With some 500,000 Floridians out of work your tightwad, dribs and drabs way of handling this crisis isn’t cutting it for people who have real problems making ends meet — and are likely to be in the same situation for months.

There are discrepanc­ies between what you and your staff are saying you’re doing to improve accessibil­ity — and what desperate people are actually experienci­ng.

Besides the persistent problems people are having in reaching the website, the process itself and the requiremen­ts to qualify for benefits remain cumbersome, as they were in precoronav­irus times.

People are telling me it has taken them two hours to complete an applicatio­n the state claims should take 30 to 60 minutes. No wonder others can’t get in even with the fixes the Florida Department of Economic Opportunit­y says are being made.

Enabling a paper applicatio­n helps some people, but it does nothing to bring agility to the process.

The launching of a mobile-friendly online applicatio­n could alleviate things for newcomers to the unemployme­nt process. But for those who started trying to claim unemployme­nt three weeks ago — and are still navigating it without results — it doesn’t do a thing.
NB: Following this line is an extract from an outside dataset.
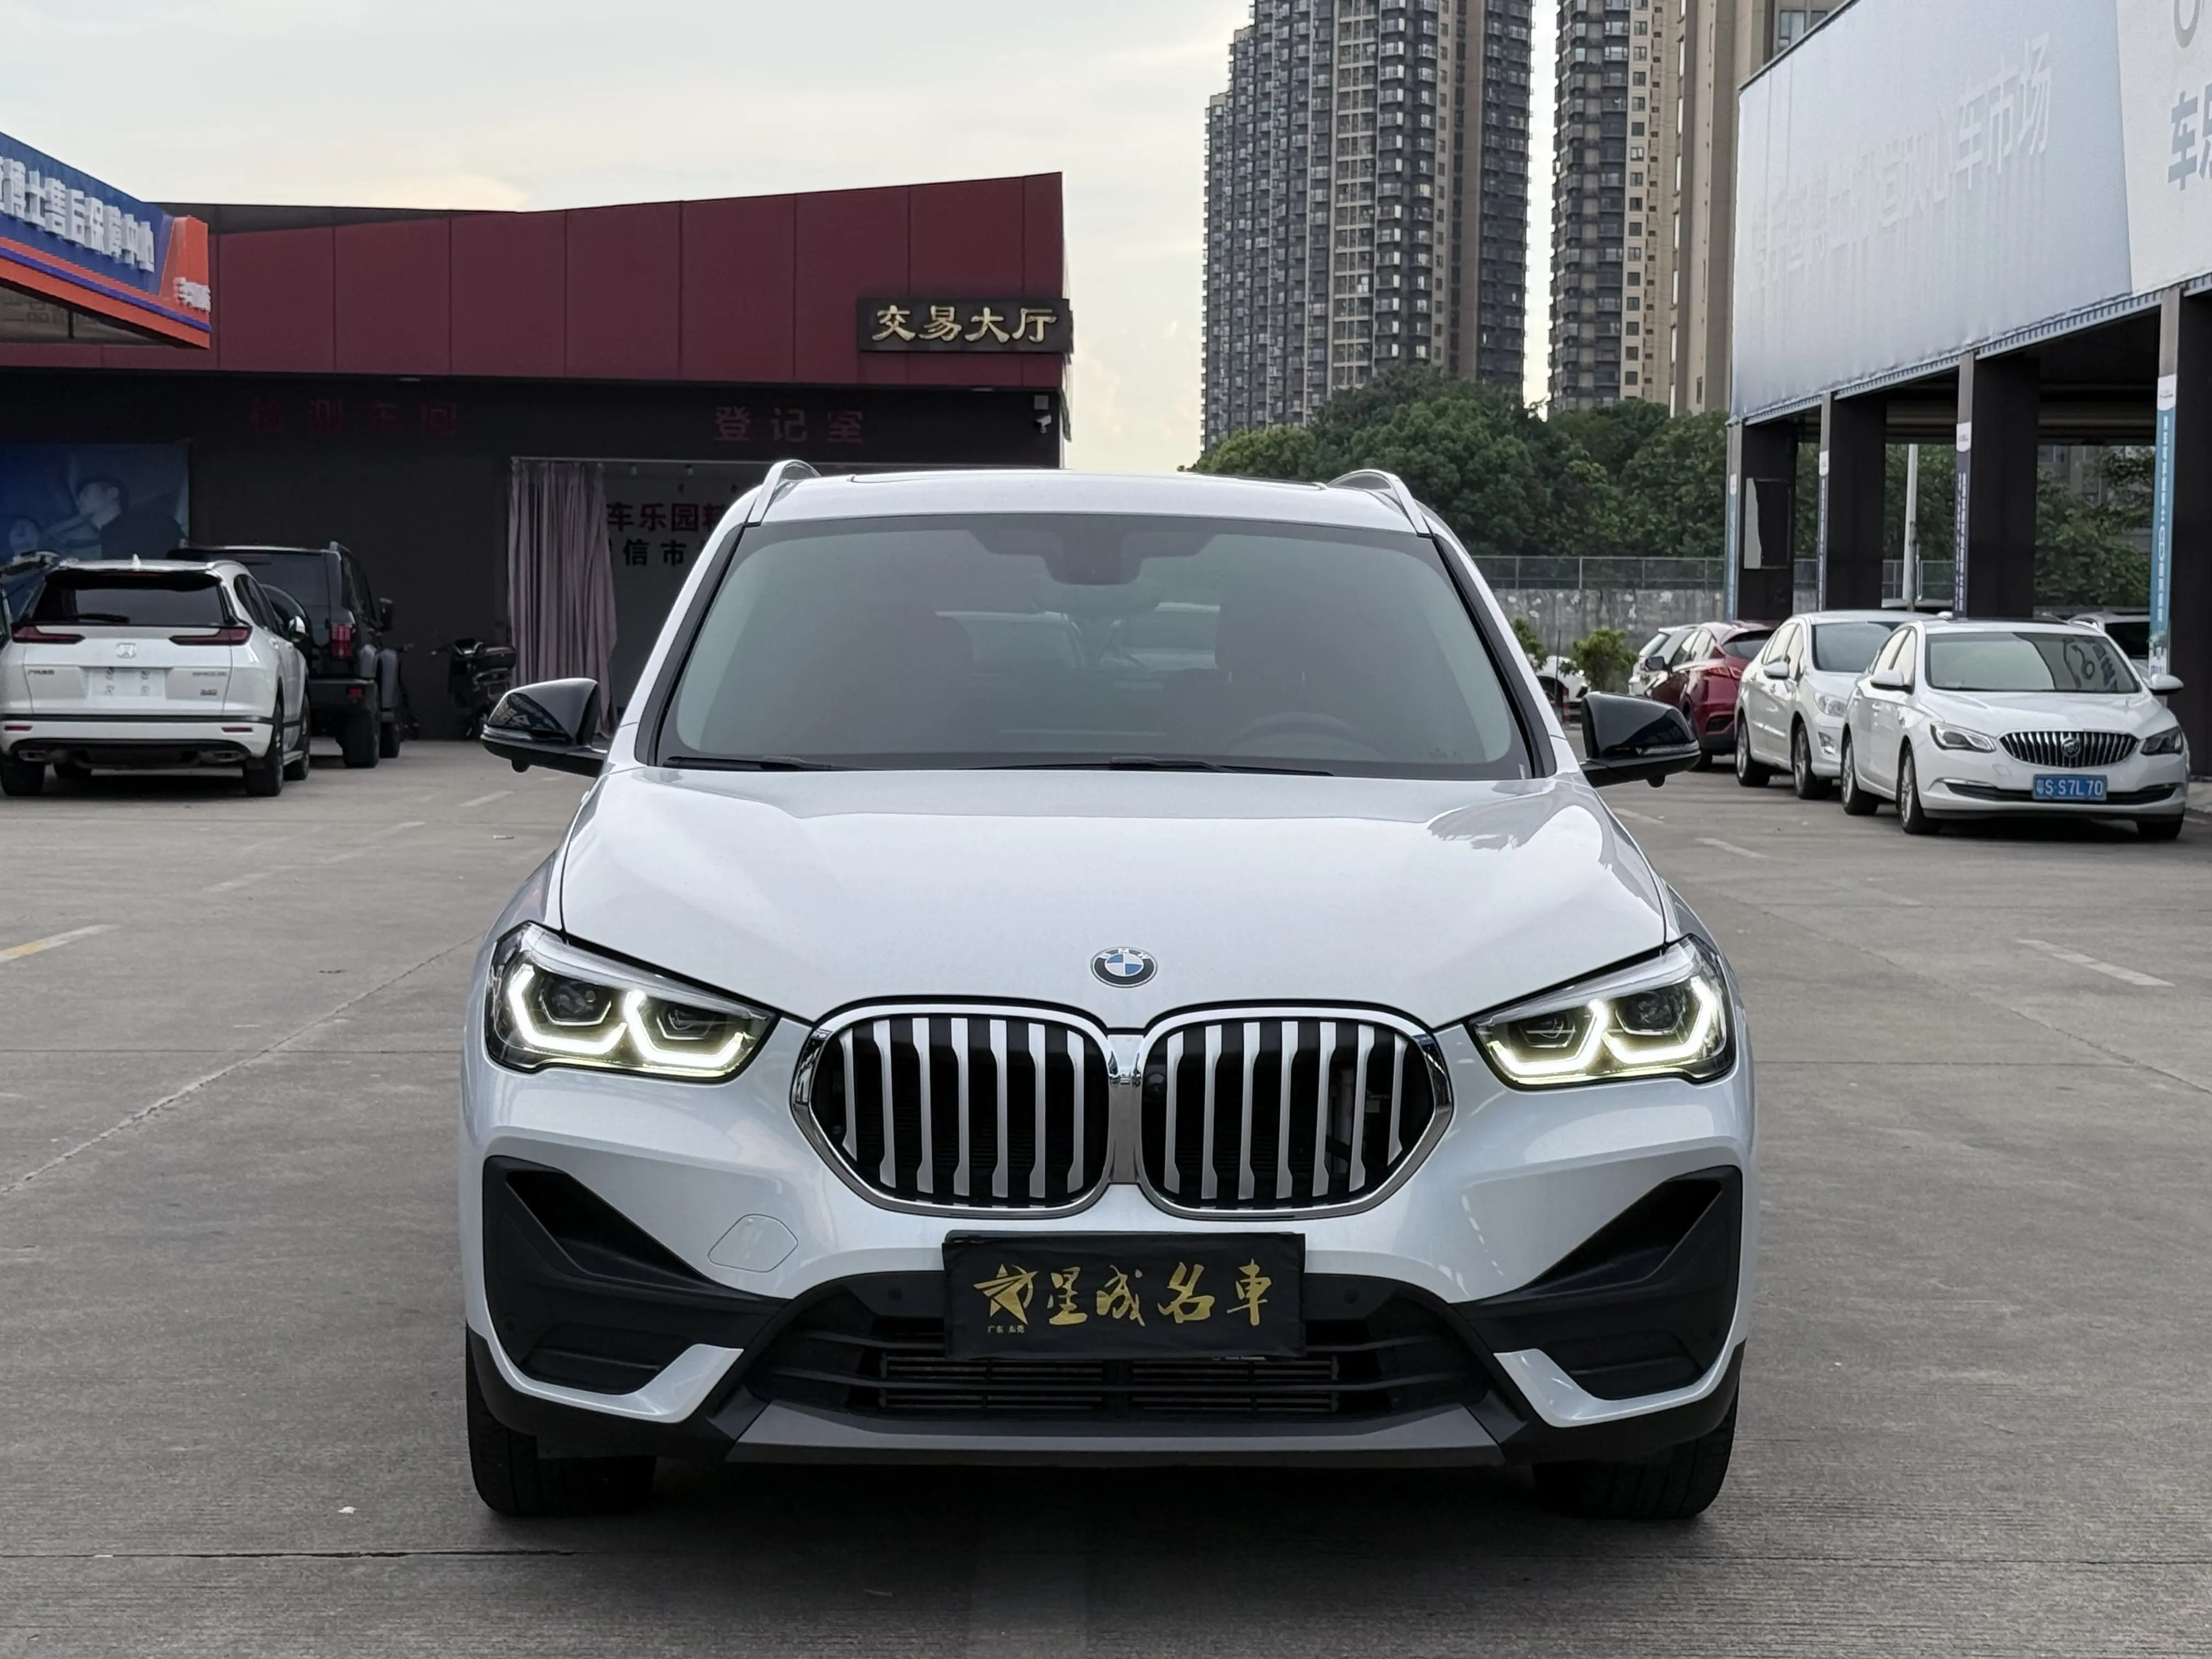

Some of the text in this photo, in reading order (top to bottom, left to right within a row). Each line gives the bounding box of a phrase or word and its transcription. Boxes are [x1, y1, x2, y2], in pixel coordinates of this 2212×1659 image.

Two people — both laid off from the same restaurant — had totally different experience­s applying.

One had to download documents to support the claim; another didn’t.

Both had to apply for re-employment as well — the website gave them no other choice — unlike what is being touted as a change now. Neither has received an unemployme­nt check from the state despite being out of a job for almost a month now.

LOWEST LEVEL OF BENEFITS

All this effort, all the angst for a measly $275 a week at most, as Florida has one of the lowest unemployme­nt benefits in the nation — and only allows a 12week period to receive them.

Governor, you know you inherited from (now senator) Rick Scott an unemployme­nt system created to discourage people from tapping into it. A system that operates on the false assumption that people don’t want to work.

Your failure to move quickly on delivering relief via unemployme­nt claims is making his revolting legacy yours, too.

This restaurant worker I know well, a hard worker, has been getting by putting his groceries on a credit card that’s accumulati­ng interest. That’s no healthy way to live.

He finally got into the website around 10:30 p.m. Wednesday to make his check request.

But that’s not the end of the uncertaint­y.

“It allows you to request funds for the weeks you were out of work but it still says ‘pending,’ ” he said. “I don’t even know for sure if I’m going to get it.”

The only glimmer of hope is that he wasted no time calling a previous employer and applying for a job in a major retailer’s warehouse. It pays a lot less than he was making as a manager and it will be physically harder work, starting at the bottom again.

But he can’t wait to be employed again.

Floridians like him deserve not only better unemployme­nt compensati­on but more respect from the state.